Background: The treatment of osteogenesis imperfecta has been directed at improvement of bone mineral density, yet the importance of bone mineral density in predicting functional and clinical outcome in this patient population has not been demonstrated. We used a validated functional outcome measure to identify the relationship between bone mineral density and physical function in children with osteogenesis imperfecta, and we also evaluated the relationship of bone mineral density to the rate of surgery and fracture in patients with osteogenesis imperfecta.

Methods: Twenty patients (age range, four to seventeen years) with osteogenesis imperfecta who had undergone bone mineral densitometry as measured by dual x-ray absorptiometry of the lumbar spine, wrist, and proximal aspect of the femur between November 1999 and April 2001 were retrospectively analyzed. Functional outcome was measured with use of the Pediatric Outcomes Data Collection Instrument. These questionnaires were completed by the parents of all twenty patients and, in addition, by fifteen patients in the study who were between the ages of eleven and eighteen years. Fracture and surgery rates were calculated on the basis of the number of documented fractures and surgical procedures that the patient had had from the time of the initial presentation until the time of the latest follow-up visit.

Results: There were significant relationships between the bone mineral density of the lumbar spine and the scores obtained on the parent-completed questionnaires with regard to upper-extremity functioning (r = 0.57, p < 0.01), transfers and basic mobility (r = 0.55, p = 0.01), sports and physical functioning (r = 0.55, p = 0.01), and global functioning (r = 0.60, p < 0.004). There were also significant relationships between the bone mineral density of the wrist and the scores obtained on the child-completed questionnaires with regard to upper-extremity functioning (r = 0.82, p < 0.01), sports and physical functioning (r = 0.76, p < 0.01), and global functioning (r = 0.83, p = 0.001). There were significant negative relationships between the bone mineral density of the lumbar spine and the rate of fractures (r = -0.69, p < 0.001) and the bone mineral density of the lumbar spine and the rate of surgery (r = -0.60, p < 0.01).

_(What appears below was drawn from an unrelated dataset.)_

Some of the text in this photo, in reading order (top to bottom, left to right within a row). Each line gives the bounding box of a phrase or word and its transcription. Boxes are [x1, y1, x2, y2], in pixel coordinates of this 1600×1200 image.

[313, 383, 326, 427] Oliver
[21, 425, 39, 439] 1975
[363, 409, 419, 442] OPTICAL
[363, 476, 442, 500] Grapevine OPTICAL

Conclusions: There is a relationship between bone mineral density and the functional outcome, rate of fracture, and rate of surgery in patients with osteogenesis imperfecta. Bone mineral density appears to be an indicator of disease severity and may be predictive of long-term functional outcome. To establish specific guidelines for treatment, more data on normative bone-mineral density in children with osteogenesis imperfecta will be needed.

Level of Evidence: Prognostic Level II. See Instructions to Authors for a complete description of levels of evidence.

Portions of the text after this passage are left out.